However, among all surveyed households, less than 15 % had experienced a flood in the 10 years preceding the events that are studied in this paper, with a distinction between the stronger pathways (8 % for 2013 dike breach and 7 % for the 2016 flash flood subsamples) and the low–medium flood pathways (16 % for 2013 river and 17 % for 2016 surface water flood subsamples; see Table 7). Altogether, residents that were affected by flash floods in 2016 were the least experienced with flooding. It is remarkable that the highly significant differences in previously experienced floods between the two events vanish when just the preceding 10 years are taken into account, while the differences within the events, i.e. between the different pathways, remain (Table 7).
With regard to various perceptions, it is striking that there are no to just small differences between the events and the pathways with regard to perceived self-efficacy and the perceived responsibility of the government (Table 7). A comparison with other regions and data could reveal whether the reported values could be regarded as representative mean perception or as a kind of benchmark. Particularly, self-efficacy is seen as a key component for adaptive behaviour (Bubeck et al., 2013; Poussin et al., 2014) and tends to be lower with regard to flash floods (Table 7), which might be accompanied by heavy structural damage (Laudan et al., 2017).
Average perceived response costs, response efficacy and responsibility of any individual to reduce damage, however, differ between the two events: people affected in 2013 perceived response costs a bit higher than those affected in 2016; this also holds for the perceived efficacy of measures and the responsibility of individuals (Table 7). It is striking that response efficacy is perceived as the lowest by people who were affected by flash floods in 2016, probably highlighting the high velocities and severe impacts on buildings (Tables 2 and 3) and indicating the limits of property-level adaptation.
Furthermore, the threat appraisal of future floods differs significantly between and within the events: the perceived probability of future floods is the highest among residents affected by river floods in 2013, followed by dike breaches in 2013 and surface water flooding in 2016. Those who were affected by flash floods in 2016 tend to believe that they will not be affected again. This pattern is even more pronounced when a statement on the perception of the impacts of a future flood like this one was assessed: here the ones who were damaged the most (i.e. by flash floods in 2016 and by dike breaches in 2013; see Table 3) tend to think that impacts comparable to those just experienced are less likely to occur again (Table 7). This highlights that it is important to distinguish probability and impacts in threat appraisals as shown by Bubeck et al. (2013). The statement on the perceived impacts of future floods also contains a nuance of denial of the flood risk, which might explain the lower adaptation that is revealed in Fig. 4.

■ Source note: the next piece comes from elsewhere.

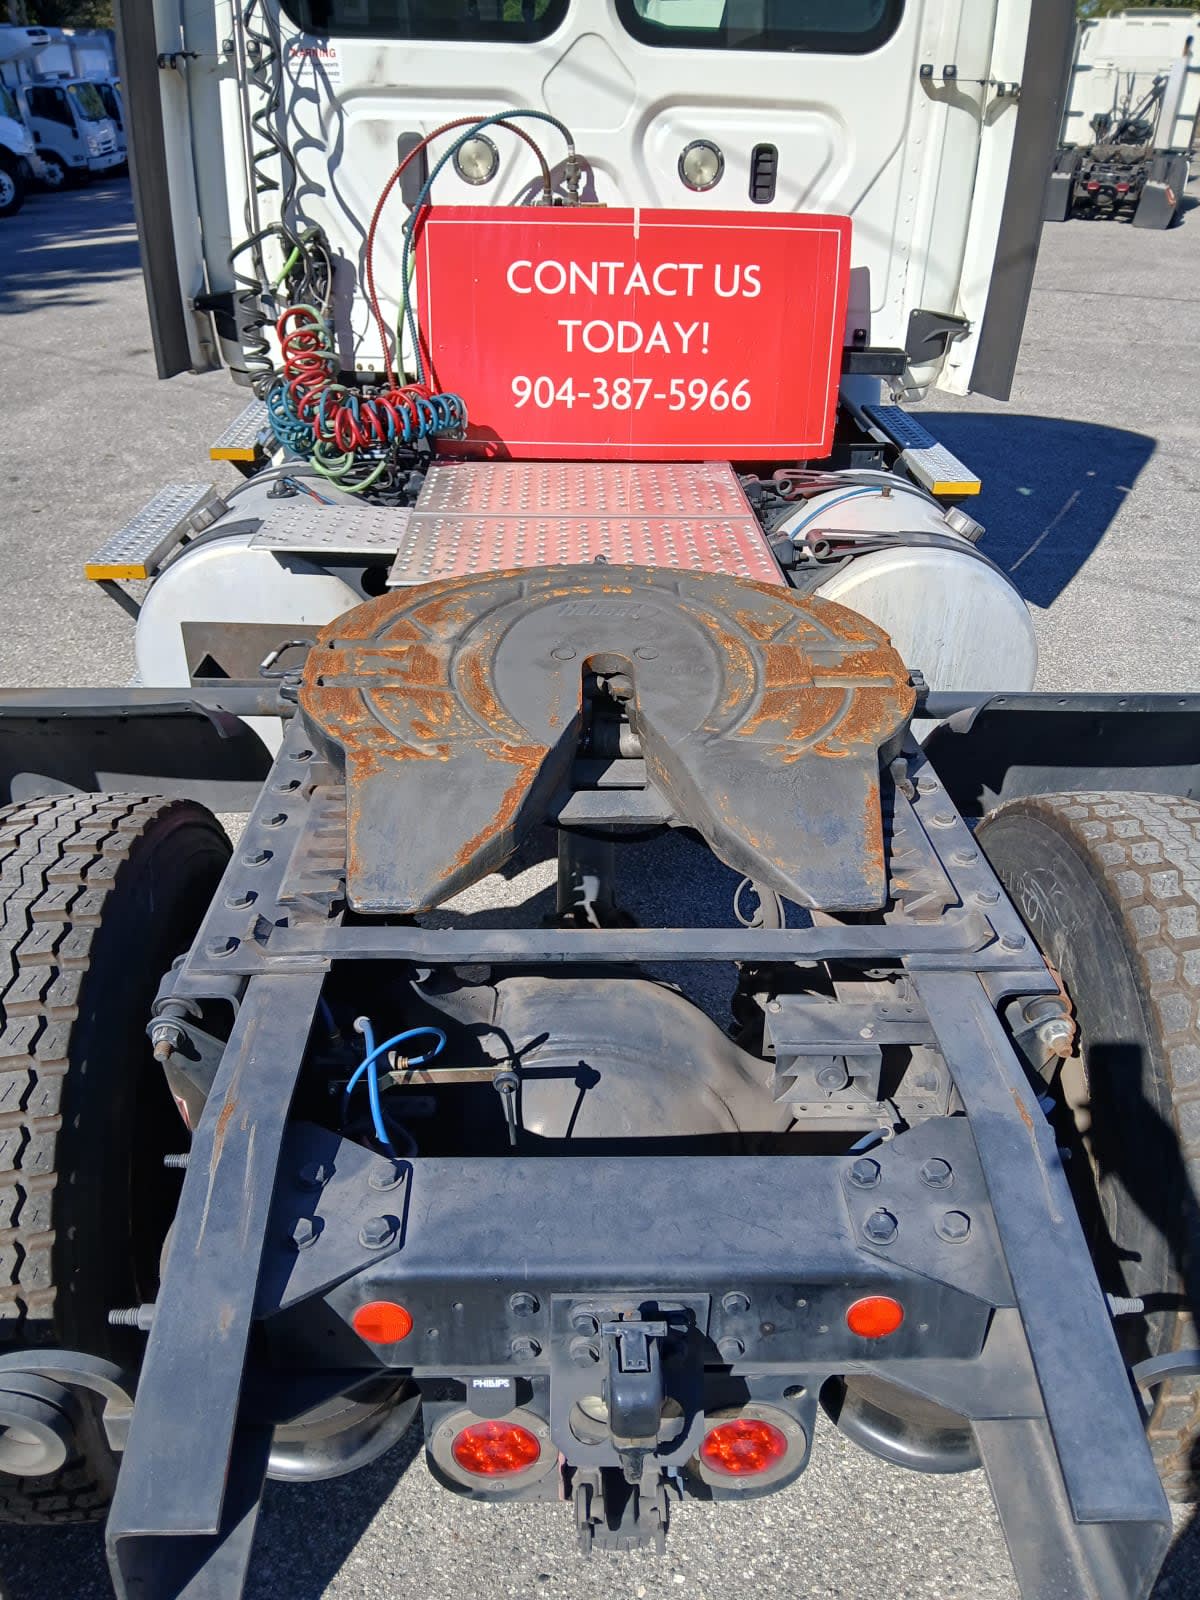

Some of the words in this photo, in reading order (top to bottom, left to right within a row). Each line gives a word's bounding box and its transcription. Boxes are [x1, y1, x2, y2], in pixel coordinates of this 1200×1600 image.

Based on two surveys among residents in Germany who were affected by flooding in 2013 and 2016, this paper looked at differences in flood processes, impacts and coping strategies between four flood pathways found in these spatially compound inland flood events. While the socio-economic characteristics did not differ much between the samples (except for income, which can be explained by the spatial patterns of the floods), impacts and coping strategies differed considerably. Based on the detailed quantitative analyses of a broad range of variables presented in Sect. 4, each flood pathway can be characterized qualitatively as shown in Table 8. The following event-based storylines were derived from these findings and can be applied to environments similar to the studied regions.
River floods (2013). The flood processes are characterized by high water levels and long durations of inundations. The financial impacts, recovery and the psychological burden from the flood represent more or less the average of the total data (note that this was the biggest subsample). Most of the residents affected by river floods in 2013 were warned in advance with comparatively long lead times. They were well-prepared, i.e. performed many emergency measures and also showed the highest level of flood adaptation at their property before the flood hit. After the flood they undertook considerable additional adaptation, but Fig. 4 reveals that they lost their top position and other subsamples reached the same level, although this group believes on average it will be affected again by future floods and also agrees that individuals have to contribute to flood risk reduction. Overall, adaptation of this group could be supported by financial incentives and funds since they perceive response costs as rather high (Table 7). Such costs might also be related to the efforts involved to implement a measure. Therefore, improved consultation and support during implementation as also proposed by Attems et al. (2020b) deserve further attention. Since previously experienced flooding was the highest in this subsample, their level of adaptation after the flood might also indicate a kind of saturation level. This hypothesis, however, needs to be researched in more detail.
Dike breaches (2013). This pathway is characterized by very high water levels, very long durations of inundations and a high frequency of oil contamination. Consequently, the financial impacts are the second highest, repair works at buildings are slow, and the psychological burden from the flood is the highest across all four subsamples. Most of the residents affected by dike breaches in 2013 were warned in advance with comparatively long lead times. Like those that were affected by river flooding, they performed many emergency measures and showed to be comparatively well-informed about flood hazards and coping options. With regard to structural and non-structural measures, adaptation before the flood was lower than in the river flood sample, but they reached a similar level after the flood and a higher level of insurance penetration. Perceptions of flood risk, coping options and responsibilities represent more or less an average behaviour. The fact that losses are very high despite a good responsive and adaptive behaviour indicates the limits of individual adaptation in view of the high hydraulic impacts caused by dike breaches. Insurance serves as a backstop. Overall, this group should be further educated with regard to risks and suitable coping options. Since response time might be limited in the case of dike breaches, potential environmental risks due to bursting oil tanks or the release of other harmful substances should receive particular attention. During the last revision of the German Federal Water Act a regulation of oil tanks in (potentially) flood-prone areas was already introduced. Still, more information on effective and suitable property-level adaptation is needed for residents potentially affected by this flood pathway.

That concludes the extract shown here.